Updated: Monday, January 18, 2010

11-5 Rainbow Center by Jim.jpg

Jim Anderson

Speaker Pauline Park talks at the Rainbow Center yesterday afternoon. Her lecture was titled 'Transgender Health: Reconceptualizing Pathology as Wellness.'

The Rainbow Center's "Out to Lunch" lecture series continued yesterday afternoon with a lecture from speaker Pauline Park. In her lecture "Transgender Health: Reconceptualizing Pathology as Wellness," Park shed light on the harmful treatment of transgendered people in the field of health care and the obstacles facing transgendered individuals seeking medical treatment.

Park then moved on to discuss Gender Identity Disorder (GID), which has been officially documented in the American Psychiatric Association's Diagnostic and Statistical Manual of Mental Disorders (DSM). GID acts as a broad diagnosis for individuals who are believed to display behavior of gender variance.

The lecture raised the question: does transgender identity fall under the jurisdiction of GID and should it be considered a mental illness? According to Park, a transgendered person herself, the perception of transgender as being abnormal should not be viewed as a personal issue, but a cultural one.

"I don't think I have a gender identity disorder," she said. "I think society has a gender identity disorder."

Nevertheless, in order for transsexual and transgendered people to receive transitional treatments as hormone replacement therapy and sexual reassignment surgery, they must first be diagnosed with GID. While many individuals seeking such treatment consider the diagnosis of GID as a necessary step in the process, the implications speak to the greater issue of transgender's cultural stigmatization.

"In order to get access to hormones or surgery, you have to get yourself declared mentally ill," Park said.

While the GID label is a pressing issue for adults who identify themselves as transgender, Park revealed that the majority of people diagnosed with GID are children, particularly those who are gender-variant. Since parents have the power to enforce gender conformity in their children, they can choose to subject their children to aversion therapy - a treatment designed to repress the patient's "abnormal" behavior.

"This treatment is not only perfectly legal, but perfectly consistent with the diagnosis of Gender Identity Disorder," Park said.

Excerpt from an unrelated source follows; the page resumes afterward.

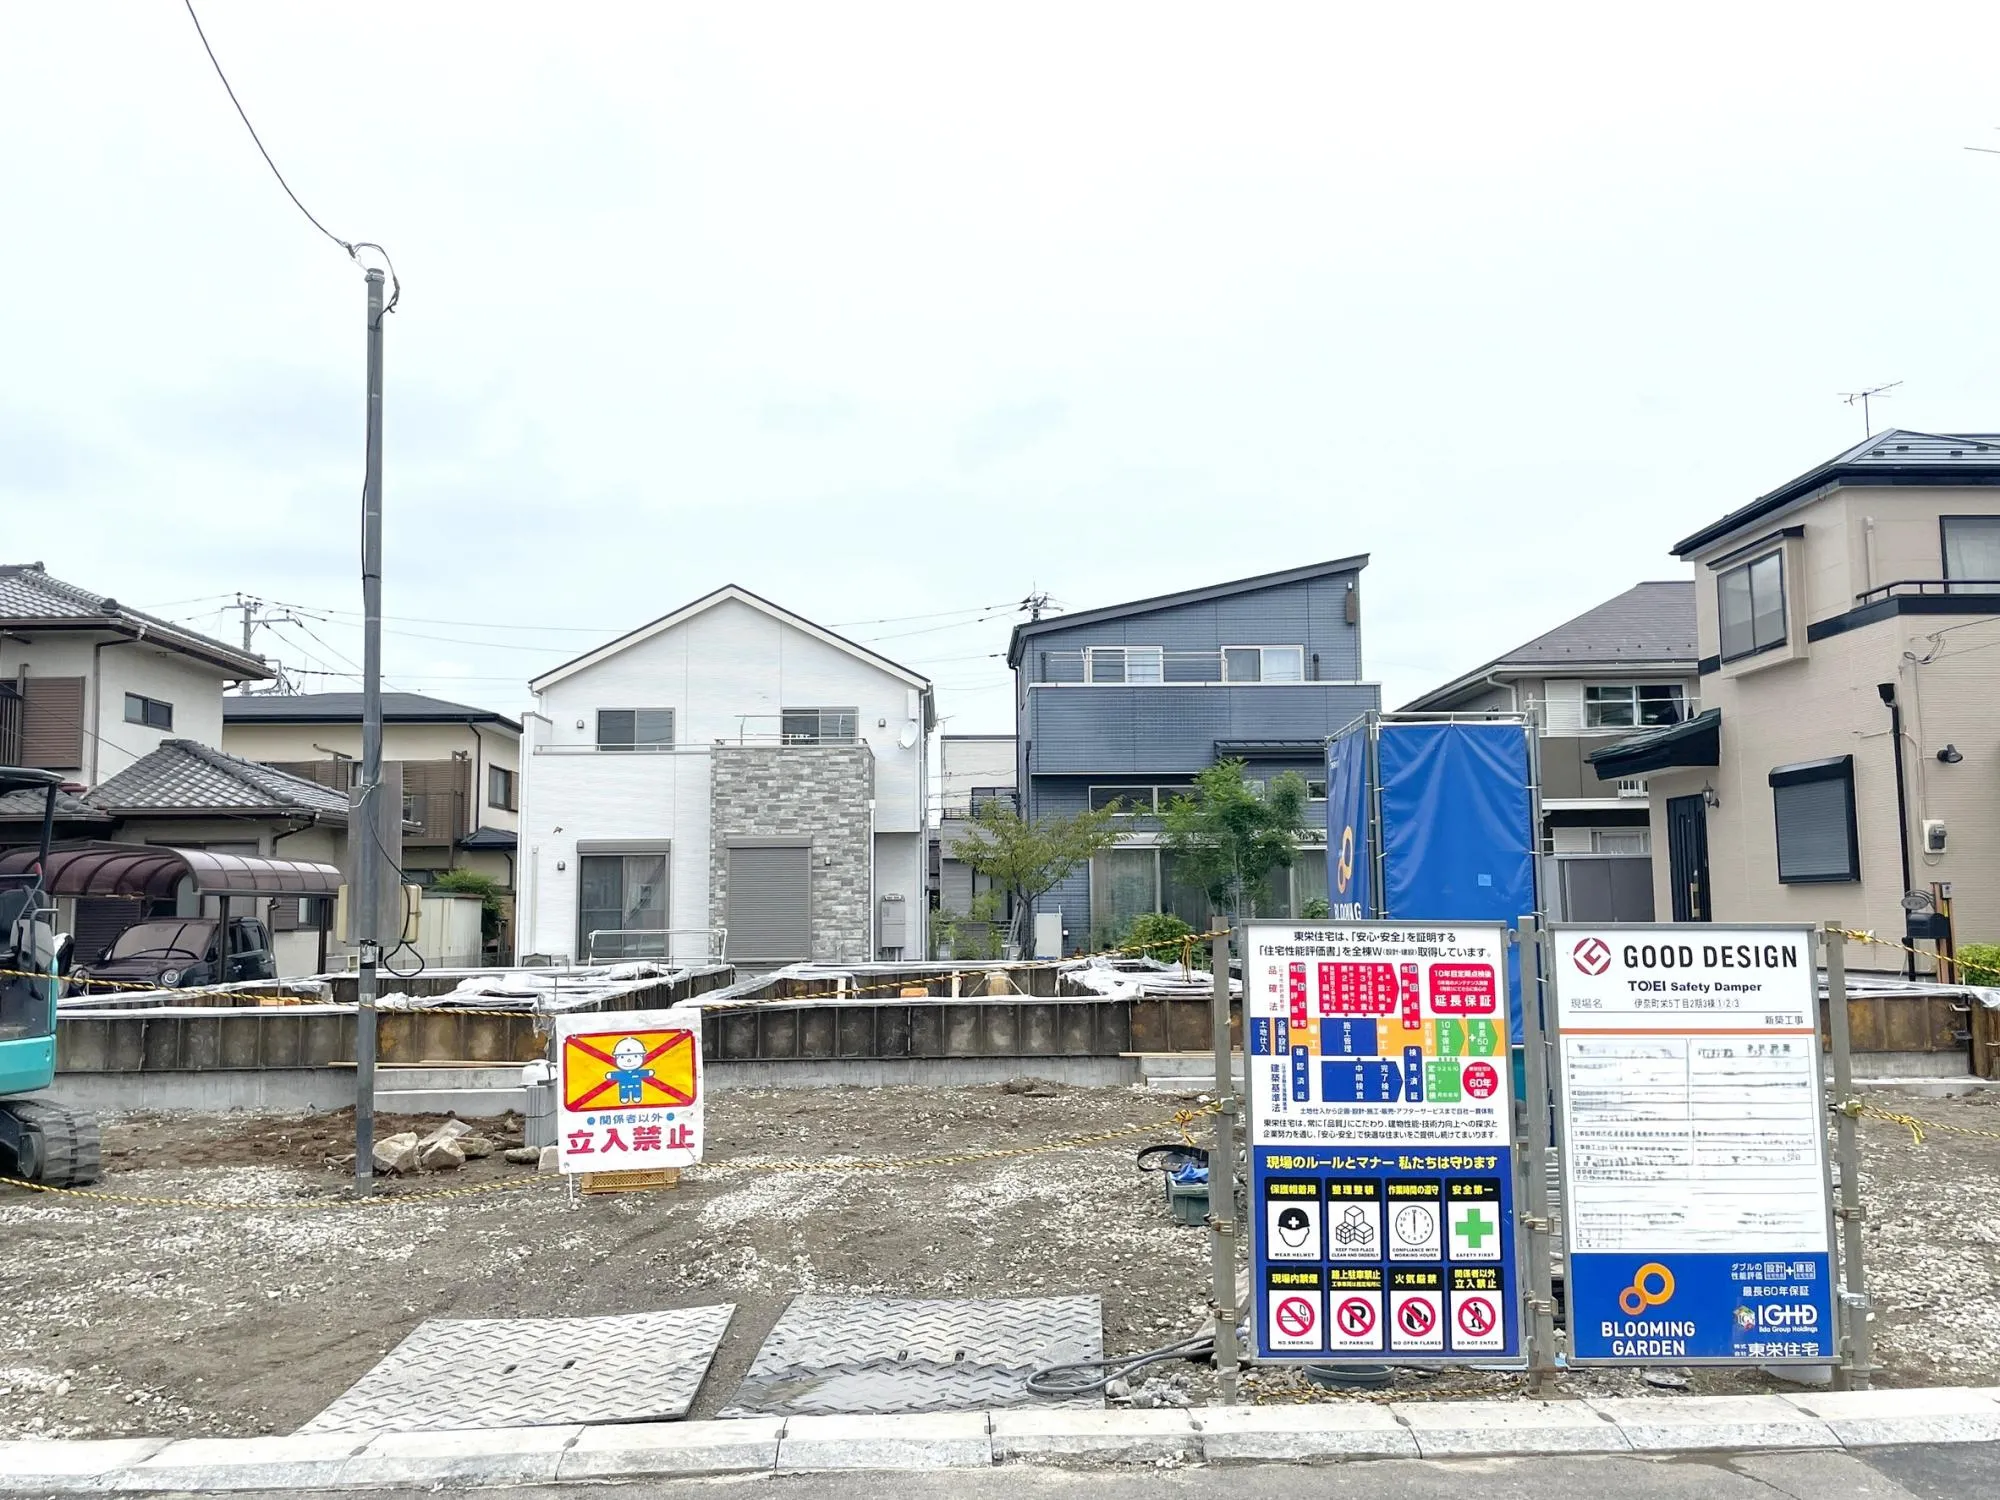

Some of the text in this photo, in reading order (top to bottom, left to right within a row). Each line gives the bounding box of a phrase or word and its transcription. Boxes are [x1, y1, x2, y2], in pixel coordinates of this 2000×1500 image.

To correct the issues of prejudice in the field of health care and culture in general, Park proposed a "Wellness Model," wherein transgender and gender-variance are viewed as naturally occurring and normal - merely a numerical minority that carries no stigma of abnormality.

While Park expressed doubt that social and legislative activism could lead to GID's removal from the next iteration of the DSM, which is soon to be released, she is hopeful for improvement in the coming decades.

"I think that 50 to 60 years from now, we're going to wonder why there was a debate at all," she said.

Park emphasized that society continues to wrongfully look at individual-level behavior when addressing transgender issues, rather than the societal level of an enforced gender binary. Increased acceptance for the transgendered population as a small, but normal minority could help to abolish the binary as an oppressive force for all people, regardless of their gender identity or sexual orientation.

"Transgender," she said, "is about all of us."